Cari nodded once, then went back to her own reading.

 

WASH
When Wash pulled the front door closed behind him, he kept the knob turned so the lock wouldn't click too loudly. Inside, the cover was down on the piano, and the hymn-book was closed. Usually Peggy practiced until Ma needed her help for dinner. Already cooking smells were drifting from the kitchen. It was even later than he had thought. He should never have let Cal talk him into that detour to the creek, girls or no girls.

“Wash?” his mother called. “You come in here.”

He strolled into the kitchen, hands in his pockets.

“What you using the front door for?” Peggy asked. She balanced her paring knife on a neat pile of turnip peels and put her hands on her hips. A lot of nerve for a fourteen-year-old with buckteeth and a weak chin.

“Free country,” he said, tossing his hat onto a chair.

His mother shot Peggy a disapproving look. “
Why
are you using the front door. Wash, you use
complete
sentences, and pick up your hat.”

“It is a free country,” Wash mumbled. He reached for the hat and put it on a hook by the back door.

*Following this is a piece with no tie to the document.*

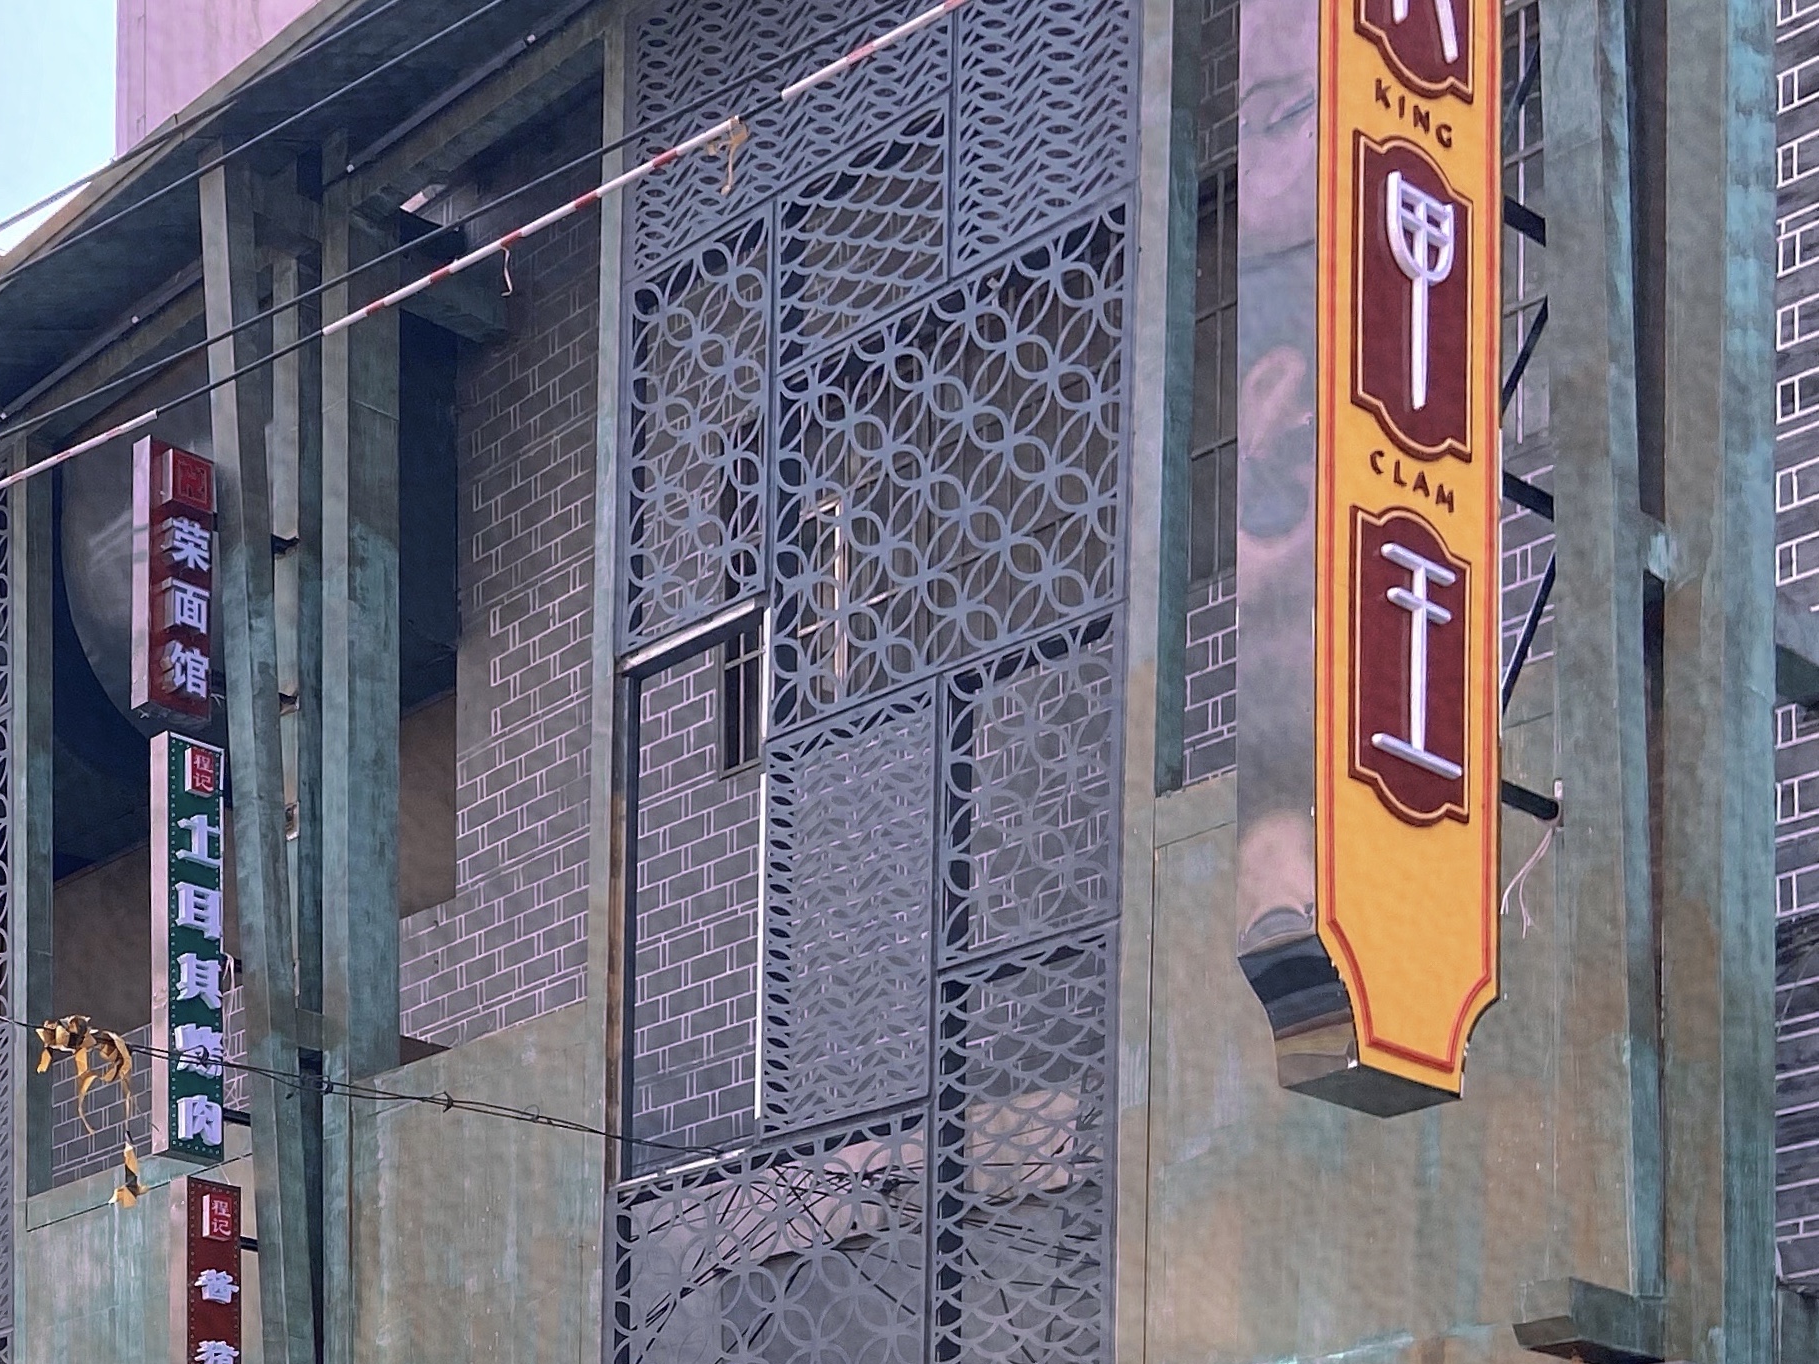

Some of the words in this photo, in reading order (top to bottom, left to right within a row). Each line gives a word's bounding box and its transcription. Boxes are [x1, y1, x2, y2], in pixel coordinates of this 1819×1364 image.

“Now you, Peggy,” Rhoda prompted.

“Wash, why are you using the front door?” Peggy rolled her eyes at Wash, but she did it so that their mother couldn't see. Rhoda Fuller had been a schoolteacher until the state started making laws to free up jobs for unemployed men. One was that a woman couldn't be employed in the same school district as her husband. Wash's father was already principal of the New London Colored School, so that was the end of her teaching. Now she stayed home. Mostly, she looked for ways to make extra money and hassled him and Pegs.

Wash was sliding toward his bedroom when Rhoda said, “No, sir. Empty your pockets right here.”

“Ma,” Wash sighed.

“Don't ‘Ma' me. You pay Booker first thing, as always.”

◊ ◊ ◊

When Wash was ten and Peggy was seven, their father hung two empty frames on the wall in the living room, one to the left of his own Tuskegee diploma, one to the right of their mother's. “This is where your college diplomas will go. That's what you're working for. Don't you forget it,” Jim told them.

◊ ◊ ◊

Rhoda inspected his earnings, counting out the four pennies and three nickels twice to make sure before she looked up, eyebrows raised. “Is that all?” She clucked her tongue as all but one coin clanked into the tin with the rest of that week's Booker money. “A whole day you've been out and you don't have anything more to show for it? It makes me wonder if you've been working or loafing around with Cal. That boy is lazier than a slug in summer.”